Pubblicato il: 24 marzo 2018 alle 8:10 am

Alt! In Germania lo dice Marx La sagoma del famoso economista e filosofo diventa un semaforo nella sua città natale

da Berlino, Fritz M. Gerlich.

24 Marzo 2018 – Vi abbiamo già parlato della fantasia dei tedeschi applicata ai semafori nella capitale Berlino: qui esiste un singolare segnale luminoso sotto forma di un omino basso e paffuto con tanto di cappello. Non appena il segnale diventa rosso lui allarga le braccia in segno di pericolo. Si tratta dell’Ampelmann, letteralmente uomo del semaforo.

Ma oggi, sempre in materia di semafori, ecco un’altra simpatica novità: come tributo al bicentenario della sua nascita, il filosofo prussiano Karl Marx avrà il suo semaforo nella sua città natale. Infatti a Trier, la Treviri romana, avrà un semaforo molto speciale, in cui la figura del famoso filosofo sarà responsabile della regolamentazione del traffico pedonale. Il primo semaforo istallato si trova vicino alla romana Porta Nigra, proprio di fronte al luogo in cui la statua di Marx svetta coi suoi 5,50 metri.

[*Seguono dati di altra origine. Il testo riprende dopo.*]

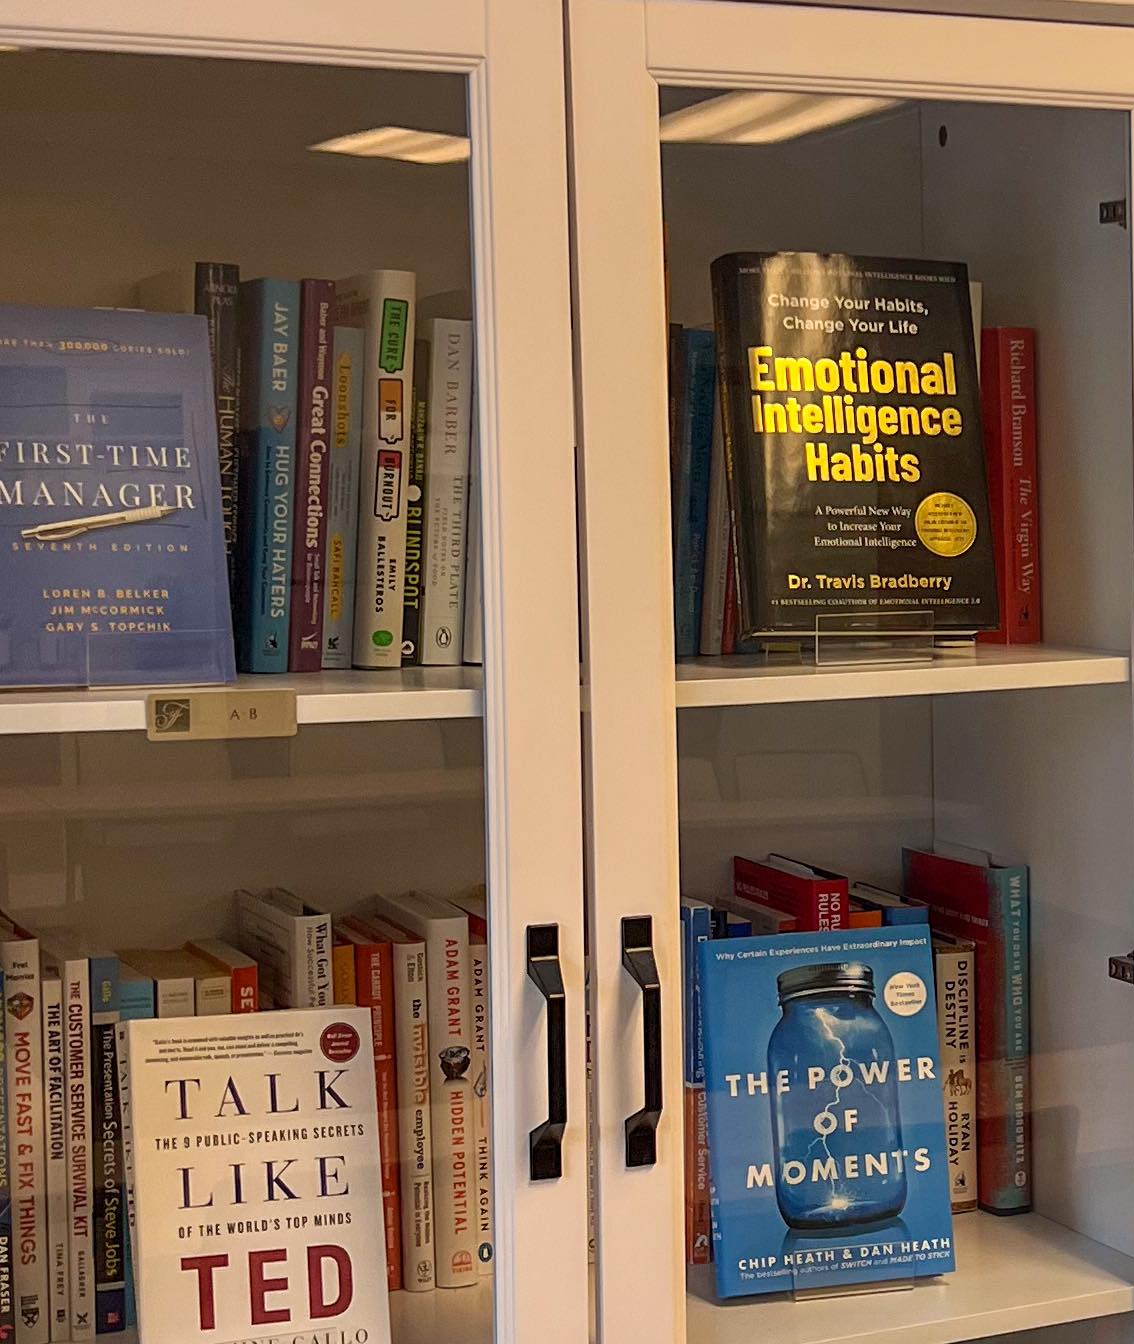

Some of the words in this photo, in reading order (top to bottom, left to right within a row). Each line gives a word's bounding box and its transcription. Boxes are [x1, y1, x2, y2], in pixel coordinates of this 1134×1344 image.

[275, 303, 289, 337] JAY
[390, 306, 402, 326] THE
[768, 294, 829, 310] Change
[835, 296, 870, 310] Your
[875, 297, 929, 315] Habits,
[385, 329, 401, 361] CURE
[783, 317, 845, 333] Change
[849, 319, 885, 333] Your
[889, 320, 918, 335] Life
[272, 343, 288, 392] BAER
[748, 345, 955, 395] Emotional
[1009, 339, 1026, 396] Richard
[73, 413, 110, 425] THE
[311, 386, 329, 434] Great
[385, 399, 397, 421] FOR
[752, 395, 962, 444] Intelligence
[0, 441, 192, 468] FIRST-TIME
[1010, 401, 1028, 467] Branson
[275, 446, 290, 485] HUG
[805, 442, 921, 483] Habits
[0, 480, 196, 509] MANAGER
[306, 441, 327, 548] Connections
[381, 457, 396, 510] BURNOUT
[1019, 479, 1032, 505] The
[272, 492, 288, 544] YOUR
[815, 506, 823, 516] A
[825, 506, 867, 517] Powerful
[869, 506, 889, 516] New
[892, 506, 912, 518] Way
[828, 522, 838, 531] to
[840, 521, 877, 532] Increase
[879, 522, 902, 532] Your
[12, 542, 98, 552] SEVENTH
[111, 543, 189, 553] EDITION
[814, 536, 861, 547] Emotional
[864, 537, 917, 549] Intelligence
[1015, 511, 1032, 557] Virgin
[43, 589, 90, 599] LOREN
[115, 589, 169, 599] BELKER
[271, 548, 287, 618] HATERS
[376, 536, 386, 613] BALLESTEROS
[389, 558, 397, 591] EMILY
[788, 574, 812, 589] Dr.
[815, 574, 865, 589] Travis
[870, 574, 952, 592] Bradberry
[1016, 561, 1032, 594] Way
[46, 622, 84, 632] GARY
[108, 622, 172, 632] TOPCHIK
[50, 605, 77, 615] JIM
[446, 939, 459, 980] ADAM
[474, 959, 483, 997] ADAM
[70, 981, 81, 999] THE
[957, 960, 969, 1050] DISCIPLINE
[447, 987, 461, 1036] GRANT
[474, 1005, 485, 1052] GRANT
[945, 981, 956, 1049] DESTINY
[15, 1032, 31, 1085] MOVE
[68, 1004, 84, 1079] CUSTOMER
[164, 1069, 352, 1120] TALK
[725, 1069, 790, 1097] THE
[808, 1057, 936, 1088] POWER
[16, 1093, 32, 1136] FAST
[71, 1083, 86, 1143] SERVICE
[450, 1091, 464, 1142] HIDDEN
[813, 1110, 858, 1137] OF
[949, 1101, 959, 1166] HOLIDAY
[960, 1113, 969, 1152] RYAN
[18, 1141, 32, 1156] &
[155, 1138, 178, 1150] THE
[183, 1137, 191, 1149] 9
[196, 1129, 308, 1147] PUBLIC-SPEAKING
[313, 1124, 364, 1138] SECRETS
[18, 1162, 34, 1189] FIX
[72, 1145, 87, 1213] SURVIVAL
[479, 1138, 488, 1182] THINK
[746, 1148, 931, 1189] MOMENTS
[177, 1156, 349, 1210] LIKE
[452, 1147, 467, 1235] POTENTIAL
[74, 1216, 88, 1238] KIT
[178, 1226, 195, 1238] OF
[198, 1223, 222, 1236] THE
[227, 1219, 281, 1233] WORLD'S
[286, 1216, 309, 1229] TOP
[314, 1213, 352, 1227] MINDS
[479, 1187, 489, 1231] AGAIN
[18, 1196, 36, 1266] THINGS
[739, 1254, 775, 1270] CHIP
[785, 1249, 835, 1265] HEATH
[842, 1247, 852, 1260] &
[860, 1243, 893, 1257] DAN
[901, 1238, 951, 1252] HEATH
[180, 1244, 353, 1331] TED

La città, una delle più antiche del territorio tedesco, fu fondata nell’anno 16 a.C. col nome di Augusta Treverorum e fu capoluogo della provincia romana della Gallia Belgica, ampliata poi sotto il regno di Costantino, quando furono costruite la basilica Palatina di Costantino e le terme imperiali. Nella Regione della Renania Palatinato, nel sud-ovest della Germania, a Trier Karl Heinrich Marx nasce il 5 maggio del 1818 figlio di un affermato avvocato di origine ebraica, e qui frequenta il Liceo-ginnasio, prima di trasferirsi all’Università di Bonn per studiare diritto e frequentare le lezioni di filosofia e di letteratura del vecchio Schlegel. Ed oggi un Karl Marx in verde e un altro in rosso si illuminano ai semafori pedonali in occasione del bicentenario della nascita, con la barba tipica, redingote e un libro sotto il braccio – a volte rosso, a volte verde.

Il vero e proprio anniversario sarà il prossimo 5 maggio prossimo, ma gli amministratori della citta, orgogliosi e abbastanza soddisfatti del risultato, hanno già inaugurato con importanti cerimonie ufficiali il primo simpatico simbolo, disegnato dal vignettista Johannes Kolz. Altri semafori seguiranno: nel corso delle prossime quattro settimane un secondo dispositivo sarà trasformato con la celebre icona nei pressi della casa natale di Karl Marx. Il sindaco Wolfram in un’intervista a una tv locale ammette che avrebbe voluto più colori per questo anniversario e invece «il sistema semaforico è sancito dalla legge e conosce solo rosso e verde».

Non mancano altre città che rivendicano soggiorni più o meno lunghi di Marx e quindi avrebbero diritto ad una celebrazione, come la città che è stata per 37 anni Karl-Marx-Stadt, odierna Chemnitz, che vanta il più grande busto del mondo dell’illustre filosofo. Tuttavia: «La città non ha intenzione di istituire “semafori Karl Marx”» ha riferito il portavoce della città Robert Gruner, come per dire che quella era un’idea di Treviri e deve restare lì.